1. FORCIBLE ENTRY; CONVICTION OF CRIME AS CHARGED. — Although the crime the accused intended to commit was forcible violation of the offended married woman, but owning to her resistance it did not get beyond an attempt, yet in view of the fact that in the complaint its perpetrator was merely charged with the lesser crime of forcible entry of a dwelling, which is the sole subject matter of the trial and judgment, under the ruled of procedure he can only be convicted of the crime charged and prosecuted.

2. ID.; ACTS CONSTITUTING THE CRIME. — When the occupants of a house firmly close the doors and windows of their dwelling before retiring for the night, they unquestionably intimate that they do not wish anyone to enter therein without their consent; and therefore he who has the temerity to make his way forcibly into a house through the outer door, by cutting the lashing that fastens it, undoubtedly commits the crime of entry by force and against the wish of its occupants, for it is incredible that the offended woman consented to and permitted the entry into her house of a person so that he might make an attempt against her honor, when the case contain no proof that the perpetrator of the attempt entered at the invitation of any of its occupants or with their consent.

3. ID.; PENALTY. — The crime of forcible entry committed with violence and against the tacit wish of the offended woman, who was the victim of an attempted violation, falls within the prescriptions of paragraph 2 of article 491 of the Penal Code.


D E C I S I O N


TORRES, J.:


Appeal by the defendant from the judgment of December 15, 1911, by the Honorable George N. Hurd, judge, sentencing him to the penalty of two months and one day or arresto mayor, to pay a fine of 325 pesetas, with subsidiary imprisonment not to exceed one-third of the principal penalty in case of insolvency, and the costs.
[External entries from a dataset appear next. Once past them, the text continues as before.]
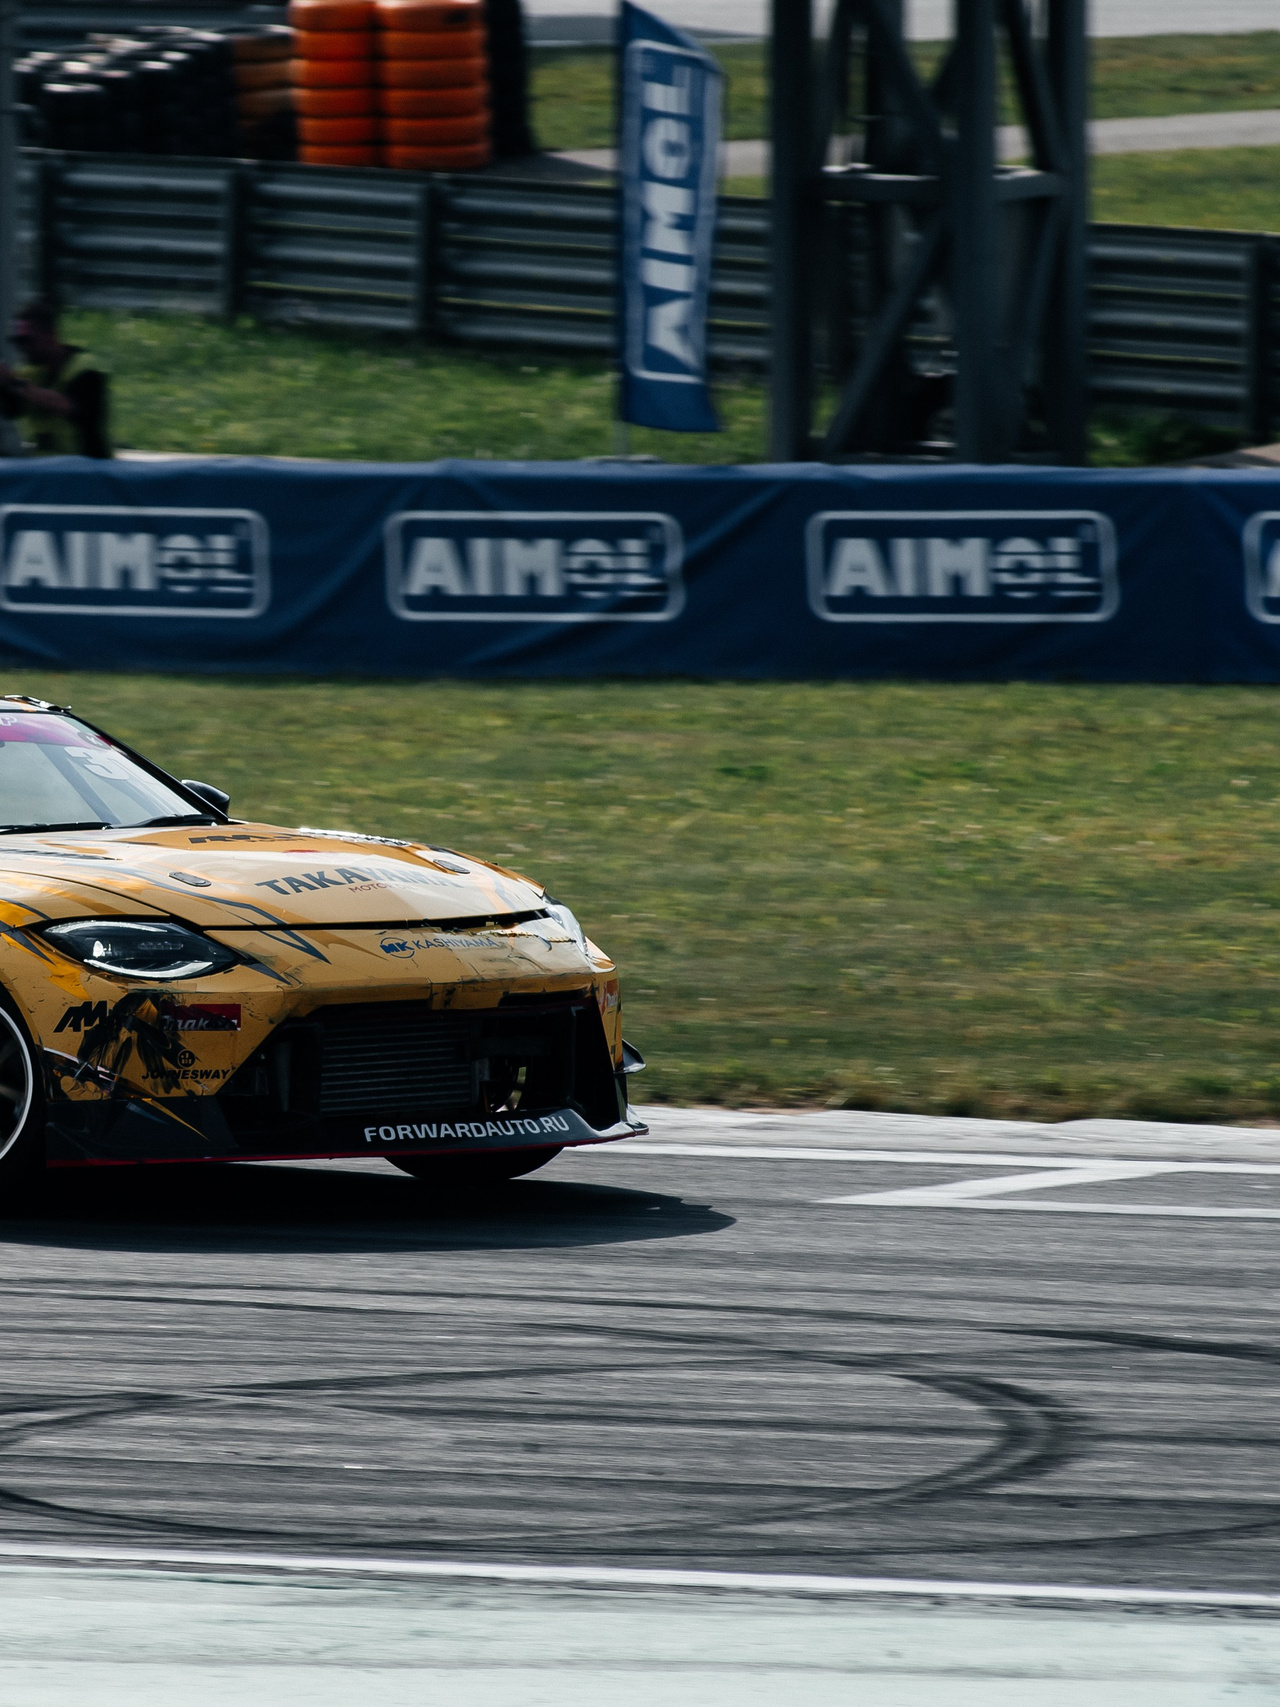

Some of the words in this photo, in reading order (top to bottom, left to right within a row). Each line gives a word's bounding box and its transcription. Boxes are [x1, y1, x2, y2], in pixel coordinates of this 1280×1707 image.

[5, 530, 253, 593] AIMOL
[405, 536, 666, 599] AIMOL
[824, 536, 1100, 599] AIMOL
[255, 866, 465, 896] TAKAYAMA
[413, 937, 500, 950] KASHIYAMA
[364, 1115, 570, 1142] FORWARDAUTO.RU
Early in the morning of October 6, 1911, and on an occasion when Braulio Calang, the husband of Epifania Cupo, was absent from home and she was asleep with her young child in her arms, the defendant entered their house, situated in Surigao, by cutting the fastenings of the door, approached the sleeping woman and raised her skirt; whereupon Epifania awoke, immediately resisted, arose, and raised a disturbance which awakened Sinforoso Dinulus, a brother-in-law of her husband, and who, at the latter’s request, was sleeping in the house. Although Epifania and Sinforoso pursued the intruder, whom they knew to be the defendant, they did not succeed in catching him. Therefore, on the 11th of the same month, the said Braulio Calang, after being informed of the occurrence, reported the facts to the justice of the peace of Surigao.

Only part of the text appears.